5 Health Risks Caused By Asbestos

5 health risks caused by asbestosAsbestos is a building material that was used pretty widely across the U.S. prior to the 1980s. It was then that asbestos was thought of as a solution to various industries to help build homes. However, there are health risks caused by asbestos. 

Asbestos is a group of naturally-occurring fibrous minerals. It’s strong and heat resistant. This made is popular in building materials such as including building and pipe insulation, and friction products.

It wasn’t until after years of use that it was deemed seriously dangerous, even deadly to those exposed to it. Asbestos is a serious health risk and can cause harm. If you think you might have been exposed to asbestos or live in a home where you suspect asbestos, read this article to learn 5 health risks caused by asbestos.

Health Risks Caused By Asbestos

Laryngeal Cancer

Laryngeal cancer is cancer of the larynx, also known as the voice box. Researchers have suspected that people who inhaled asbestos got it’s fibers lodged into the voice making its way to the lungs. The fibers cause irritation which eventually lead to cancer.

Asbestosis

Asbestosis is a lung disease that is said to be caused by scarring of the lung tissue. Exposure the asbestos can cause a person to breath in the dangerous fibers. The fibers will attach themselves to the lung walls and over time cause scarring. Over time the lungs will become irritated and the tissue becomes thick. This can be painful causing chest pains and shortness of breath.

Clubbed Fingers

People with asbestosis often develop clubbed fingers. This is actually an early sign of the disease where the tips of the fingers are swollen and look like a square shape. This happens when there is a dangerously low blood levels of oxygen.

Pleural Plaques

Pleural plaques are caused by deposits of fiberglass and rock left from the asbestos. The pleura contains two layers: An inner layer that lines the lungs, and an outer layer that lines the ribs. The presence of asbestos fibers can cause these layers to inflame and rub against each other, a condition called pleuritis. Unfortunately there is no cure for this disease and serious medication is required for treatment.

Mesothelioma

Mesothelioma is a rare form of cancer, it affects the inner linings of organ walls in the chest and the stomach. Typically this is caused to exposure to asbestos is the work place, but you may not notice symptoms until years later, sometimes as late as 30 years past the time of exposure.  To date there is no cure for this disease.

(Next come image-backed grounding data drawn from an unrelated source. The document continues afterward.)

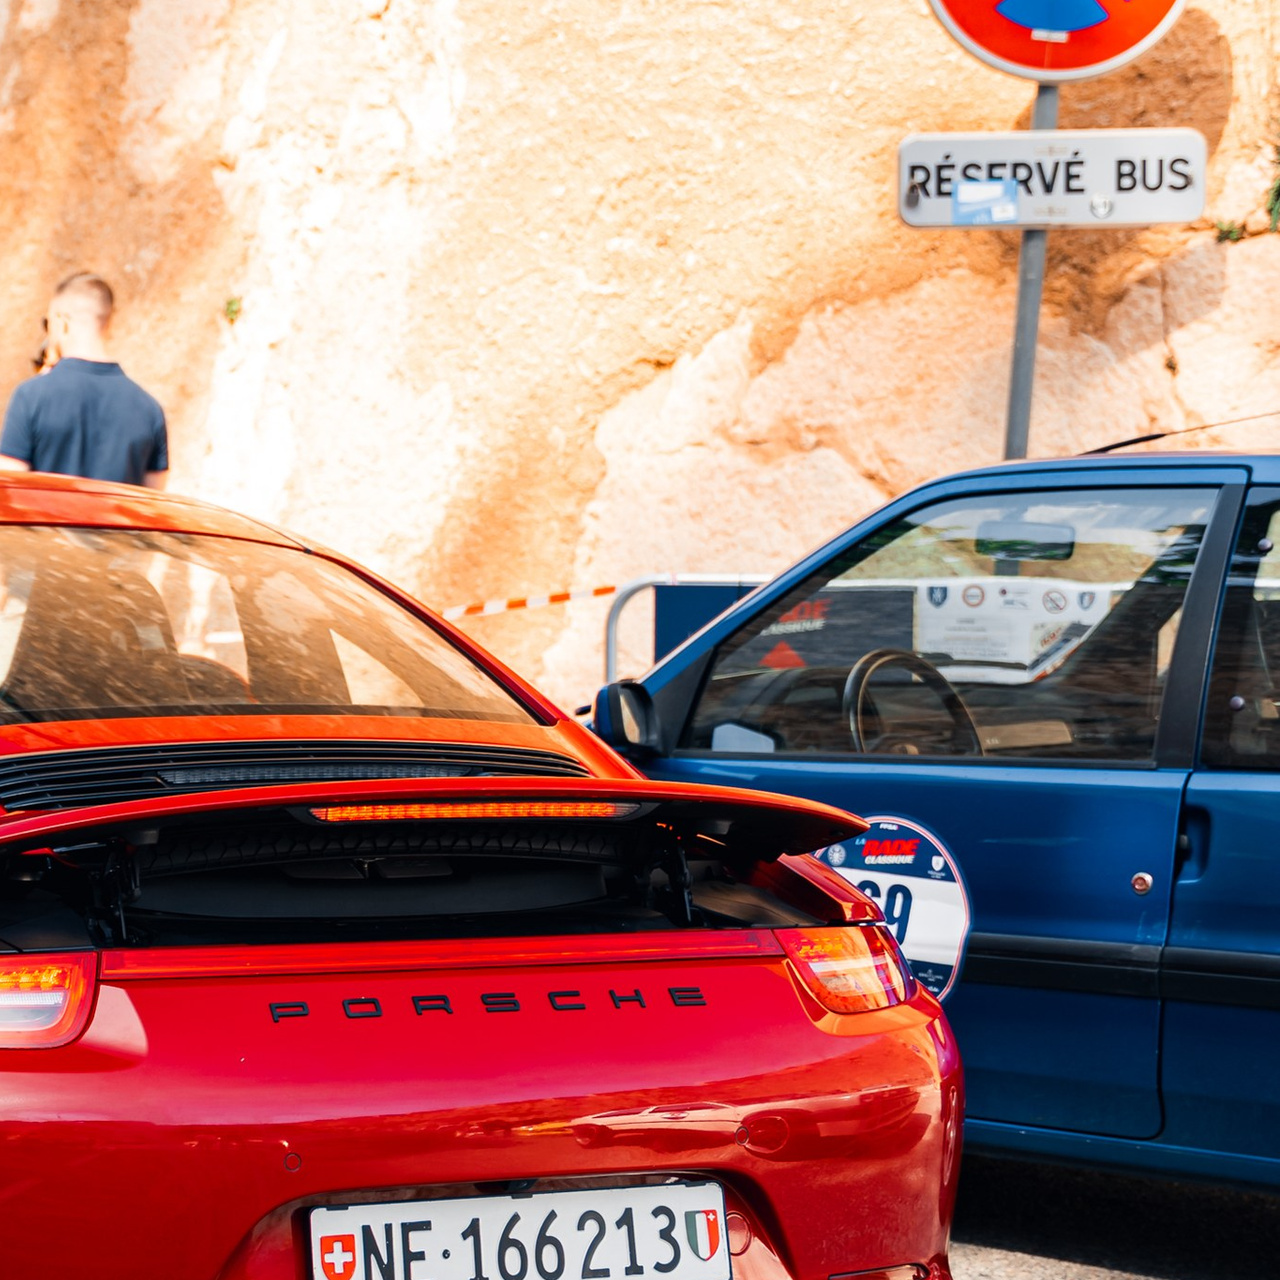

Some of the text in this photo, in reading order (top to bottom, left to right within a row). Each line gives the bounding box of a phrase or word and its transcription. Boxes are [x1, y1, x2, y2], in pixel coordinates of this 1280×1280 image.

[1115, 158, 1192, 192] BUS
[862, 839, 921, 856] RADE
[864, 855, 916, 864] CLASSIQUE
[856, 879, 913, 946] 9
[269, 987, 706, 1023] PORSCHE

Avoiding Asbestos Exposure

Since asbestos is banned from use, newer homes may not be in danger of containing any remnant of the substance. However, it is important to keep away from asbestos if you suspect it in your home or workplace. There are safety procedures set in place to evaluate the area in question and do proper asbestos testing. From there it’s important to understand the information on asbestos give from the testing lab. Once this is given talk to a professional about whether the asbestos needs to be removed and if it is a threat to your health.